With aging and environmental factors, skin will develop a variety of pigmentations, such as chloasma, senile plaque, and hyperpigmentation.¹ Meanwhile, overexposure to UVB radiation can lead to hyperpigmentation.² So, in the past few years, many melanin inhibitors have been isolated from natural sources, including flavonoids, quercetin, arbutin, Centella asiatica Urb., and Morus alba roots. Asiaticoside is isolated from Centella asiatica Urb., and it can remarkably decrease the tyrosinase (TYR) and malondialdehyde (MDA) content and increase superoxide dismutase (SOD) activity.³ Arbutin has been widely used as a tyrosinase inhibitor. It exhibits dose-dependent inhibitory effects on TYR activity in cells, and blocks the formation of melanin. Arbutin can combine with TYR directly to accelerate melanin decomposition and excretion, thereby reducing the accumulation of pigment in the skin.⁴

Genistein is the most common type of flavonoid in nature. Recent experimental evidence indicates that it has many pharmacological effects, such as antioxidant, anticancer, prevention of osteoporosis, prevention of cardiovascular disease, estrogen and so on.^5–7 1-Benzylpiperazine has antioxidant and anti-inflammatory activity, and the piperazine moiety has a synergistic effect.⁸ Genistein and resveratrol (1 mmol L⁻¹) effectively abolish melanin synthesis, and convert to orobol and piceatannol, respectively. These results support the strong potential of tyrosinase as a monooxygenase for regio-selective o-hydroxylation of various monophenol compounds.⁹ Genistein can reduce the quantity of melanin and the degree of erythema in direct proportion to the number of days of treatment.¹⁰ Genistein targets TYR directly or indirectly and also induces NRF2 (nuclear factor erythroid 2 [NF-E2]-related factor 2) in different cellular backgrounds for invoking a protective antioxidant mechanism.¹¹

Despite the important roles attributed to genistein in nutrition, the effect and mechanism of genistein supplementation on pigmentation or melanin synthesis has received little attention. The objective of the present study is to clarify the mechanisms of genistein derivative (GD) on skin pigmentation in a guinea pig model.

Materials and methods

Chemicals

Genistein, 1-benzylpiperazine, 95% ethanol, 37% formaldehyde, ethyl acetate, chloroform, dimethyl sulfoxide (DMSO), sodium sulfide and arbutin were purchased from Tianjin Zhiyuan Chemical Reagent Co. Ltd (Tianjin, China). Guinea pig MDA ELISA Kit, Guinea pig SOD ELISA Kit, Guinea pig TYR ELISA Kit, Guinea pig mTOR ELISA Kit and Guinea pig AMPK ELISA Kit were purchased from Shanghai Lanpai Biological Technology Co. Ltd.

Synthesis of GD

1 mmol of genistein (270 mg), 25 mL of 95% ethanol, and 0.08 mL of 37% formaldehyde were added to a 50 mL round-bottom flask. The reaction solution was heated to about 55 °C, and after the reaction solution was clarified, 1 mmol of 1-benzyl-piperazine (174 µL) was added, then the reaction solution was stirred at room temperature for about 48 h. When the solid separated out, the solution was filtered and dried to get a solid powder. The solid powder was collected and purified by recrystallization (chloroform : 95% ethanol = 2 : 1).

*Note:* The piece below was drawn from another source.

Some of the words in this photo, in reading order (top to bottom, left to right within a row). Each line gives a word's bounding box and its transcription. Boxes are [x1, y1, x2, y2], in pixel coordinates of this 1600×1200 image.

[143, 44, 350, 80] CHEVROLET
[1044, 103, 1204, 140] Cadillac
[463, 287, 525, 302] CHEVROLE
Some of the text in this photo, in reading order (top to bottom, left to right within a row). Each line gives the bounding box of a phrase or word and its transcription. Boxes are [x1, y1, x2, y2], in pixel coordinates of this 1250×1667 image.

The yield of GD obtained from the reaction is 58%. Its melting range is 166.4 °C to 167.5 °C, as measured by the melting point apparatus, and its structure (Fig. 1Ad) was characterized using elemental analysis and ¹H nuclear magnetic resonance spectrometry (¹H-NMR). The result of the ¹H-NMR (DMSO-d₆, 400 MHz) (Fig. 1B and C) is 1.25–1.35 (s, 1H), 3.55–3.65 (m, 3H), 3.75–3.85 (d, 2H), 3.91–3.98 (d, 2H), 6.31–6.39 (s, 1H), 6.89–6.95 (d, 2H), 7.33–7.45 (m, 6H), 7.83–7.89 (s, 1H), and 12.85–13.31 (s, 1H). The molecular formula of GD is C₂₇H₂₈N₂O₅ (C, 70.42; H, 6.13; N, 6.08), and the molecular weight is 460.52.

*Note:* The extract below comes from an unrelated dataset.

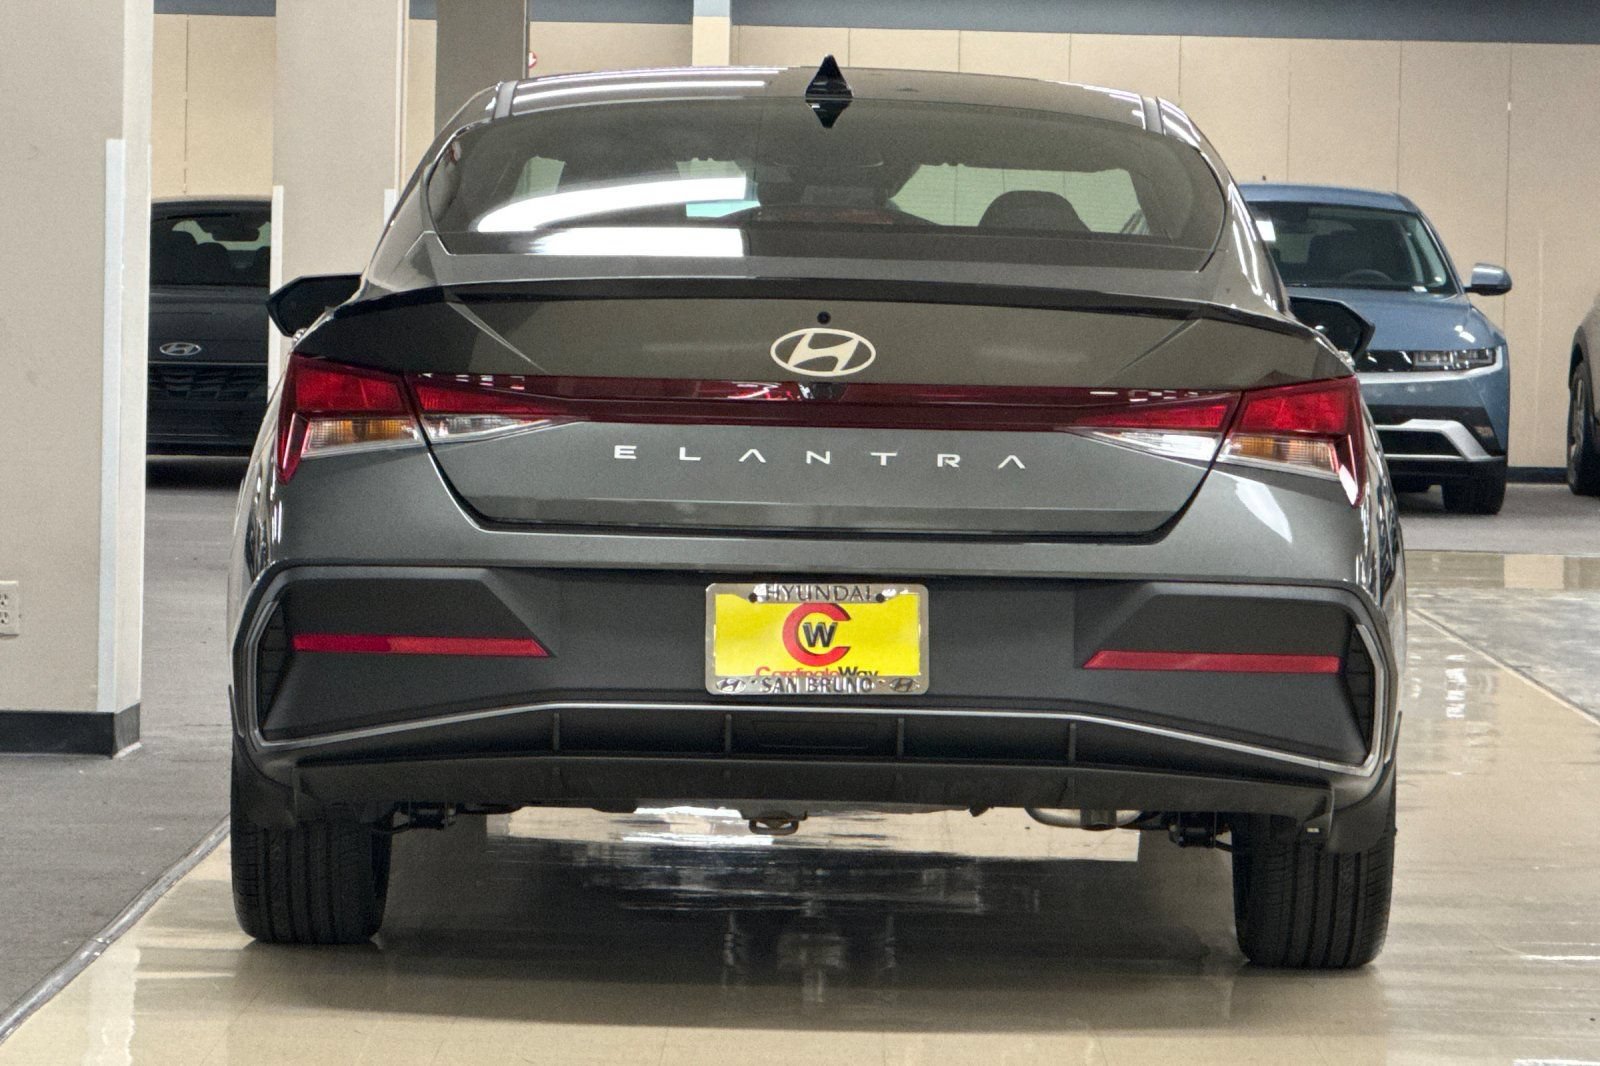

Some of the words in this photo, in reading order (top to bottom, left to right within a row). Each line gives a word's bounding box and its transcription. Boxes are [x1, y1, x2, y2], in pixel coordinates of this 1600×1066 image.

Fig. 1 The synthetic route of GD ((Aa) genistein, (Ab) formaldehyde, (Ac) 1-benzylpiperazine and (Ad) GD). (B and C) ¹H-NMR spectra of GD in DMSO-d₆ (400 MHz).

Experimental animals

White guinea pigs (350–380 g) were supplied by Shandong Lukang Animal Pharmaceutical Co. Ltd. The production license number of the company is Scxk Lu 2013001.

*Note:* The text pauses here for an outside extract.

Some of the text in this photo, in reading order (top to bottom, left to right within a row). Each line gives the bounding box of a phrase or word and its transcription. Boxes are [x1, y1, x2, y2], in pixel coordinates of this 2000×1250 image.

UVB irradiation-induced pigmentation in white guinea pigs

All experimental procedures were approved by the Institutional Animal Care and Use Committee (IACUC) of China, and followed the institutional guidelines for animal welfare and experimental conduct (Permit Number: IACUC2015-011). White guinea pigs were housed in cages under standard experimental conditions (22 ± 1 °C; 55 ± 5% humidity; 12 h light and 12 h dark cycle) and were maintained on a standard diet with freely available water. After a week of adaptation, the dorsal hair of the white guinea pigs was shaved off. Then, six separate square (1 cm × 1 cm) dorsal areas on each guinea pig were exposed to 83 mJ cm⁻² of UVB light with a distance of 10 cm between the light source (321 nm, Philips, China) and the target skin for 24 min per day for up to 5 days.^12,13

External inunctum

Guinea pigs (21) were used for all experiments. Each guinea pig had six separate squares (1 cm × 1 cm) on its back. These squares were the high dose group, middle dose group, low dose group, model group, DMSO group and arbutin group. GD and arbutin were dissolved in DMSO to prepare 1%, 2%, and 4% GD solutions and 2% arbutin solution, respectively. Starting from the day after the last dose of UVB irradiation, each sample solution was applied topically with a pipette to the separate shaved areas once a day for 30 days. The high dose group, medium dose group and low dose group were coated with 250 µL of 4%, 2% and 1% GD solution, respectively. The model group was only irradiated with UVB and not coated with anything. The DMSO group was coated with 250 µL of DMSO and the arbutin group was coated with 250 µL of 2% arbutin solution.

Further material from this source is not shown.